Every record here must be set down once more, precisely as it reads.
━━━━━━━━━━
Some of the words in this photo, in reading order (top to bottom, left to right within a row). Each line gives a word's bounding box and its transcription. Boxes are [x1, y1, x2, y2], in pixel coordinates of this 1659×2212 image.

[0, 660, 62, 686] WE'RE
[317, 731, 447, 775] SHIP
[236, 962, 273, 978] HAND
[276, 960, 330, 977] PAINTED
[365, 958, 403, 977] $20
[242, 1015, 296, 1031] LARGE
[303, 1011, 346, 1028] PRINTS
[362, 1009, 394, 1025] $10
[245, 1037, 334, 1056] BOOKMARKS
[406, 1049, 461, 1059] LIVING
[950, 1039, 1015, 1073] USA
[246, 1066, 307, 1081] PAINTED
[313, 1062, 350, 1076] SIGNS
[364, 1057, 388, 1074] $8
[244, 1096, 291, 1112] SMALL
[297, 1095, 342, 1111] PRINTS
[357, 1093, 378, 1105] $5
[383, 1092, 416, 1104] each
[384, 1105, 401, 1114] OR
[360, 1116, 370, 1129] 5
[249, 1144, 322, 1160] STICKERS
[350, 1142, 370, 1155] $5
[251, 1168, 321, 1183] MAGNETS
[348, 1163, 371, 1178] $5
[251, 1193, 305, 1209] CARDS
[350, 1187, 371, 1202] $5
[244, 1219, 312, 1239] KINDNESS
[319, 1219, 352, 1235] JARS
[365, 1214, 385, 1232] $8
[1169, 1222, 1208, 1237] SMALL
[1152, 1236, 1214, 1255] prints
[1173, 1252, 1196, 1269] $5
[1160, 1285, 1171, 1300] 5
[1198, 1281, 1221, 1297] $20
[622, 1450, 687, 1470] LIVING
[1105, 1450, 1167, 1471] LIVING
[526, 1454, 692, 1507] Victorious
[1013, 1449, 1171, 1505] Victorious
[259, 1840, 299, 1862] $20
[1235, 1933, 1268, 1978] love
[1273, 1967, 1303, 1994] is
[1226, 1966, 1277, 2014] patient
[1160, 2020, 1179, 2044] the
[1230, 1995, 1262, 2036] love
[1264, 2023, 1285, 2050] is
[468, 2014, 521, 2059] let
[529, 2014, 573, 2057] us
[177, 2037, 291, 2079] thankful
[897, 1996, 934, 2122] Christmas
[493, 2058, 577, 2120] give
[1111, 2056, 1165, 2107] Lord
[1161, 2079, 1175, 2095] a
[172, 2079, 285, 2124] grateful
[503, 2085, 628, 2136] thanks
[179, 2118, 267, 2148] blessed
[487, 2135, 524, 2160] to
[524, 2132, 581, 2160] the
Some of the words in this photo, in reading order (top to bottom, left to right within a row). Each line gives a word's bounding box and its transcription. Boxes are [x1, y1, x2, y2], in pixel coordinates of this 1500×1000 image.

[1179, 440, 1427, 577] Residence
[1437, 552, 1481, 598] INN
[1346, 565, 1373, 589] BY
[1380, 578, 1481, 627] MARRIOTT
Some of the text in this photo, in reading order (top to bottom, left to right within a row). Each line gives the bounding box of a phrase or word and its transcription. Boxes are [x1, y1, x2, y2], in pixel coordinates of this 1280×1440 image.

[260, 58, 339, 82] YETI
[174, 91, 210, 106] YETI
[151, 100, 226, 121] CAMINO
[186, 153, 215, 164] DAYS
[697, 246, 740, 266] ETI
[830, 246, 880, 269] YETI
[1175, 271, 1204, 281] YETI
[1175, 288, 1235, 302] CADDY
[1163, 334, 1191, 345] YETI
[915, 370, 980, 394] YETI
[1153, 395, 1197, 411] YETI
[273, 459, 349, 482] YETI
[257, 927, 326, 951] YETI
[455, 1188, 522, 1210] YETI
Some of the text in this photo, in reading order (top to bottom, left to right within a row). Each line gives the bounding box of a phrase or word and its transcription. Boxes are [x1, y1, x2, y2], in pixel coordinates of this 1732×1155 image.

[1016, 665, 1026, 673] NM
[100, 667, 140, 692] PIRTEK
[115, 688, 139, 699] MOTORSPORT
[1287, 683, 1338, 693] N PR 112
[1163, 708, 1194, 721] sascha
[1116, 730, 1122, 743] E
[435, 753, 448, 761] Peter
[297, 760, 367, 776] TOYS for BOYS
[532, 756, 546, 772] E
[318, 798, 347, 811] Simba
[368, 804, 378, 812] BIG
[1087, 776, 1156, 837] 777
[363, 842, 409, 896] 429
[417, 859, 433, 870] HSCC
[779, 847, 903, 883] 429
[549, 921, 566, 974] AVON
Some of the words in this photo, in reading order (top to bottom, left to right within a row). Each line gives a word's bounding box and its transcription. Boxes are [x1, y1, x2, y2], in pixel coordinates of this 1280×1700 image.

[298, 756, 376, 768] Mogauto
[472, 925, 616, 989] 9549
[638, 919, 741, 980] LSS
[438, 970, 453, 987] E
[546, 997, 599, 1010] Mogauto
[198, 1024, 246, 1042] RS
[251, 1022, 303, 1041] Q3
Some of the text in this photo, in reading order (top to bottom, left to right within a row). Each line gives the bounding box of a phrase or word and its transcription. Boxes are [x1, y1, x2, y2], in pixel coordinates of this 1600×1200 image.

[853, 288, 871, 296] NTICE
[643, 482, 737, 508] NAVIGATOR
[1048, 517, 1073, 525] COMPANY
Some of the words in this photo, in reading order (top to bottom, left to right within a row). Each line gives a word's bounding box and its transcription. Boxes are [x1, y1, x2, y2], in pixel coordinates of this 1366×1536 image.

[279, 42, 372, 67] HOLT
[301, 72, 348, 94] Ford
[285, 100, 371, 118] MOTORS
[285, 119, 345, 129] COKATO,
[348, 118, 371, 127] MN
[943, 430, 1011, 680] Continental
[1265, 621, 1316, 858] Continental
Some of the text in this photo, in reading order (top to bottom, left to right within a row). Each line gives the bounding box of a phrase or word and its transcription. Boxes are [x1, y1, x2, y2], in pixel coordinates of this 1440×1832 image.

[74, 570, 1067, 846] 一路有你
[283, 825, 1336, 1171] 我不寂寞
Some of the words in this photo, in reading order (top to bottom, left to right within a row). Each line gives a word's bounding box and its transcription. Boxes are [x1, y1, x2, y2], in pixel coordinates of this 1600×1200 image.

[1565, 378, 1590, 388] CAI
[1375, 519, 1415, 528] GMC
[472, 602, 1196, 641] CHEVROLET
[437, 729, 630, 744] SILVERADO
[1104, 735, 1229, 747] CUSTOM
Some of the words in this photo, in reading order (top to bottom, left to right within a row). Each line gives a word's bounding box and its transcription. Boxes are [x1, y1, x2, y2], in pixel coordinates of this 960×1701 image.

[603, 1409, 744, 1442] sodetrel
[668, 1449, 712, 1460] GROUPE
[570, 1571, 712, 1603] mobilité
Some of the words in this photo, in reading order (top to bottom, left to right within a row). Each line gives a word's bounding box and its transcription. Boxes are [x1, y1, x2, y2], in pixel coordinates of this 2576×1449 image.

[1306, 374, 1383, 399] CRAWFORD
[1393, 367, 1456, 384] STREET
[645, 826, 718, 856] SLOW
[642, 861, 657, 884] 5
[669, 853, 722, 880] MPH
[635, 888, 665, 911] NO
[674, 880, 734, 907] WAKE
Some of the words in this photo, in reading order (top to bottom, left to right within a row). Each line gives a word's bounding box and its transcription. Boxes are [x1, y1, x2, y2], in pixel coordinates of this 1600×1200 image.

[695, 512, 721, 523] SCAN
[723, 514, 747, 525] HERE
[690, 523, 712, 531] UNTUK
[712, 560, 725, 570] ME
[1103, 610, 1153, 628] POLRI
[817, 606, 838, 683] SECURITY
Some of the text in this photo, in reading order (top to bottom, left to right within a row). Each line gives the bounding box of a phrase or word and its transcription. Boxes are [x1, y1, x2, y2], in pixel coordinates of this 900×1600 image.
━━━━━━━━━━
Reply:
Some of the words in this photo, in reading order (top to bottom, left to right within a row). Each line gives a word's bounding box and its transcription. Boxes are [x1, y1, x2, y2], in pixel coordinates of this 1659×2212 image.

[0, 660, 62, 686] WE'RE
[317, 731, 447, 775] SHIP
[236, 962, 273, 978] HAND
[276, 960, 330, 977] PAINTED
[365, 958, 403, 977] $20
[242, 1015, 296, 1031] LARGE
[303, 1011, 346, 1028] PRINTS
[362, 1009, 394, 1025] $10
[245, 1037, 334, 1056] BOOKMARKS
[406, 1049, 461, 1059] LIVING
[950, 1039, 1015, 1073] USA
[246, 1066, 307, 1081] PAINTED
[313, 1062, 350, 1076] SIGNS
[364, 1057, 388, 1074] $8
[244, 1096, 291, 1112] SMALL
[297, 1095, 342, 1111] PRINTS
[357, 1093, 378, 1105] $5
[383, 1092, 416, 1104] each
[384, 1105, 401, 1114] OR
[360, 1116, 370, 1129] 5
[249, 1144, 322, 1160] STICKERS
[350, 1142, 370, 1155] $5
[251, 1168, 321, 1183] MAGNETS
[348, 1163, 371, 1178] $5
[251, 1193, 305, 1209] CARDS
[350, 1187, 371, 1202] $5
[244, 1219, 312, 1239] KINDNESS
[319, 1219, 352, 1235] JARS
[365, 1214, 385, 1232] $8
[1169, 1222, 1208, 1237] SMALL
[1152, 1236, 1214, 1255] prints
[1173, 1252, 1196, 1269] $5
[1160, 1285, 1171, 1300] 5
[1198, 1281, 1221, 1297] $20
[622, 1450, 687, 1470] LIVING
[1105, 1450, 1167, 1471] LIVING
[526, 1454, 692, 1507] Victorious
[1013, 1449, 1171, 1505] Victorious
[259, 1840, 299, 1862] $20
[1235, 1933, 1268, 1978] love
[1273, 1967, 1303, 1994] is
[1226, 1966, 1277, 2014] patient
[1160, 2020, 1179, 2044] the
[1230, 1995, 1262, 2036] love
[1264, 2023, 1285, 2050] is
[468, 2014, 521, 2059] let
[529, 2014, 573, 2057] us
[177, 2037, 291, 2079] thankful
[897, 1996, 934, 2122] Christmas
[493, 2058, 577, 2120] give
[1111, 2056, 1165, 2107] Lord
[1161, 2079, 1175, 2095] a
[172, 2079, 285, 2124] grateful
[503, 2085, 628, 2136] thanks
[179, 2118, 267, 2148] blessed
[487, 2135, 524, 2160] to
[524, 2132, 581, 2160] the
Some of the words in this photo, in reading order (top to bottom, left to right within a row). Each line gives a word's bounding box and its transcription. Boxes are [x1, y1, x2, y2], in pixel coordinates of this 1500×1000 image.

[1179, 440, 1427, 577] Residence
[1437, 552, 1481, 598] INN
[1346, 565, 1373, 589] BY
[1380, 578, 1481, 627] MARRIOTT
Some of the text in this photo, in reading order (top to bottom, left to right within a row). Each line gives the bounding box of a phrase or word and its transcription. Boxes are [x1, y1, x2, y2], in pixel coordinates of this 1280×1440 image.

[260, 58, 339, 82] YETI
[174, 91, 210, 106] YETI
[151, 100, 226, 121] CAMINO
[186, 153, 215, 164] DAYS
[697, 246, 740, 266] ETI
[830, 246, 880, 269] YETI
[1175, 271, 1204, 281] YETI
[1175, 288, 1235, 302] CADDY
[1163, 334, 1191, 345] YETI
[915, 370, 980, 394] YETI
[1153, 395, 1197, 411] YETI
[273, 459, 349, 482] YETI
[257, 927, 326, 951] YETI
[455, 1188, 522, 1210] YETI
Some of the text in this photo, in reading order (top to bottom, left to right within a row). Each line gives the bounding box of a phrase or word and its transcription. Boxes are [x1, y1, x2, y2], in pixel coordinates of this 1732×1155 image.

[1016, 665, 1026, 673] NM
[100, 667, 140, 692] PIRTEK
[115, 688, 139, 699] MOTORSPORT
[1287, 683, 1338, 693] N PR 112
[1163, 708, 1194, 721] sascha
[1116, 730, 1122, 743] E
[435, 753, 448, 761] Peter
[297, 760, 367, 776] TOYS for BOYS
[532, 756, 546, 772] E
[318, 798, 347, 811] Simba
[368, 804, 378, 812] BIG
[1087, 776, 1156, 837] 777
[363, 842, 409, 896] 429
[417, 859, 433, 870] HSCC
[779, 847, 903, 883] 429
[549, 921, 566, 974] AVON
Some of the words in this photo, in reading order (top to bottom, left to right within a row). Each line gives a word's bounding box and its transcription. Boxes are [x1, y1, x2, y2], in pixel coordinates of this 1280×1700 image.

[298, 756, 376, 768] Mogauto
[472, 925, 616, 989] 9549
[638, 919, 741, 980] LSS
[438, 970, 453, 987] E
[546, 997, 599, 1010] Mogauto
[198, 1024, 246, 1042] RS
[251, 1022, 303, 1041] Q3
Some of the text in this photo, in reading order (top to bottom, left to right within a row). Each line gives the bounding box of a phrase or word and its transcription. Boxes are [x1, y1, x2, y2], in pixel coordinates of this 1600×1200 image.

[853, 288, 871, 296] NTICE
[643, 482, 737, 508] NAVIGATOR
[1048, 517, 1073, 525] COMPANY
Some of the words in this photo, in reading order (top to bottom, left to right within a row). Each line gives a word's bounding box and its transcription. Boxes are [x1, y1, x2, y2], in pixel coordinates of this 1366×1536 image.

[279, 42, 372, 67] HOLT
[301, 72, 348, 94] Ford
[285, 100, 371, 118] MOTORS
[285, 119, 345, 129] COKATO,
[348, 118, 371, 127] MN
[943, 430, 1011, 680] Continental
[1265, 621, 1316, 858] Continental
Some of the text in this photo, in reading order (top to bottom, left to right within a row). Each line gives the bounding box of a phrase or word and its transcription. Boxes are [x1, y1, x2, y2], in pixel coordinates of this 1440×1832 image.

[74, 570, 1067, 846] 一路有你
[283, 825, 1336, 1171] 我不寂寞
Some of the words in this photo, in reading order (top to bottom, left to right within a row). Each line gives a word's bounding box and its transcription. Boxes are [x1, y1, x2, y2], in pixel coordinates of this 1600×1200 image.

[1565, 378, 1590, 388] CAI
[1375, 519, 1415, 528] GMC
[472, 602, 1196, 641] CHEVROLET
[437, 729, 630, 744] SILVERADO
[1104, 735, 1229, 747] CUSTOM
Some of the words in this photo, in reading order (top to bottom, left to right within a row). Each line gives a word's bounding box and its transcription. Boxes are [x1, y1, x2, y2], in pixel coordinates of this 960×1701 image.

[603, 1409, 744, 1442] sodetrel
[668, 1449, 712, 1460] GROUPE
[570, 1571, 712, 1603] mobilité
Some of the words in this photo, in reading order (top to bottom, left to right within a row). Each line gives a word's bounding box and its transcription. Boxes are [x1, y1, x2, y2], in pixel coordinates of this 2576×1449 image.

[1306, 374, 1383, 399] CRAWFORD
[1393, 367, 1456, 384] STREET
[645, 826, 718, 856] SLOW
[642, 861, 657, 884] 5
[669, 853, 722, 880] MPH
[635, 888, 665, 911] NO
[674, 880, 734, 907] WAKE
Some of the words in this photo, in reading order (top to bottom, left to right within a row). Each line gives a word's bounding box and its transcription. Boxes are [x1, y1, x2, y2], in pixel coordinates of this 1600×1200 image.

[695, 512, 721, 523] SCAN
[723, 514, 747, 525] HERE
[690, 523, 712, 531] UNTUK
[712, 560, 725, 570] ME
[1103, 610, 1153, 628] POLRI
[817, 606, 838, 683] SECURITY
Some of the text in this photo, in reading order (top to bottom, left to right within a row). Each line gives the bounding box of a phrase or word and its transcription. Boxes are [x1, y1, x2, y2], in pixel coordinates of this 900×1600 image.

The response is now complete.